My fiancee is one of the many that needed to move back in with his mother because of living costs v employment rate and pay in our part of the US. This has led, naturally, to many awkward and frustrating times. This past Friday night was intended to be a bit of alone time for the two of us, something we do't get much of. And while sometimes our alone time consists of nothing more than talking without interference, this night was definitely going to be a night of private time. This was not to be, as the minute he got out of the shower his mother came home early, and she began to say something as he hurried to his bedroom and he responded he needed to get changed and would be out in a minute. We were both frustrated, and decided it wasn't completely lost. When it turned out his mother was not trying to talk to us through the door, but in fact talking to his younger brother and wife, I was a little more than mortified. I was also stuck in the bedroom, since my clothes were still with the rest of my things. The fiancee obliged me by fetching my overnight bag, but I could feel my face burning as I left the room to go be sociable. I do not blush often, but I knew I was now. To give myself a moment to compose myself, I headed into the kitchen to make myself a drink.

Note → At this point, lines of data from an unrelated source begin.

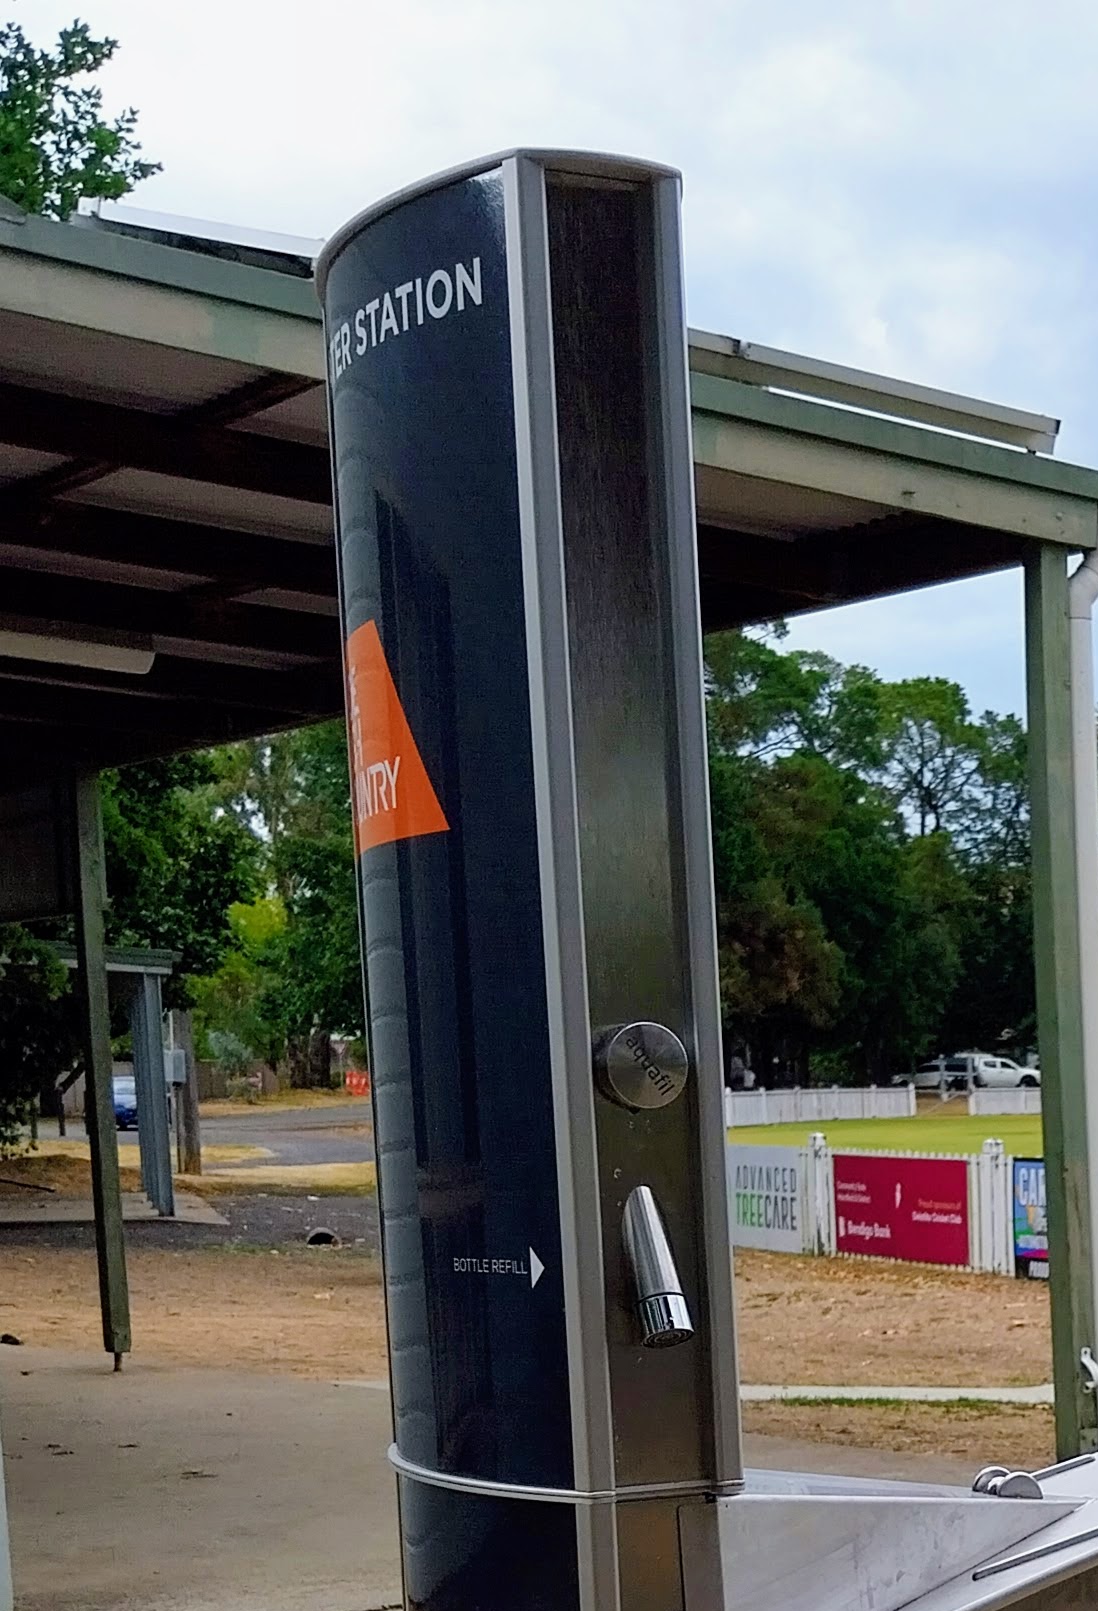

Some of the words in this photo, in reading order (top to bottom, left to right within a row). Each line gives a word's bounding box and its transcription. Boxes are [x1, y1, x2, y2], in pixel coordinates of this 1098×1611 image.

[355, 256, 482, 356] STATION
[626, 1037, 675, 1096] aquafil
[736, 1165, 797, 1192] ADVANCED
[847, 1220, 874, 1240] Bendigo
[874, 1222, 891, 1238] Bank
[453, 1257, 489, 1273] BOTTLE
[491, 1259, 528, 1274] REFILL

For me, it seems, I should not drink on an empty stomach, because I will joyfully feed myself on alcohol rather than food. And I did just that until his mother asked me an hour and a half later what we had decided to do for dinner. She informed me there was nothing to cook in the kitchen, which was not a surprise as she buys each meal makings individually. She opted for pizza for the 6 of us, which I ate more of what was delivered then was healthy.
The next day I paid for it, with a sensitive stomach and frequent trips to the bathroom to contemplate my naval.
This was coupled with the fact that plans changed for our weekend enough to mess with my schedule of getting in exercise, and made me feel as though I had failed. But it is Monday, and time to keep pressing forward.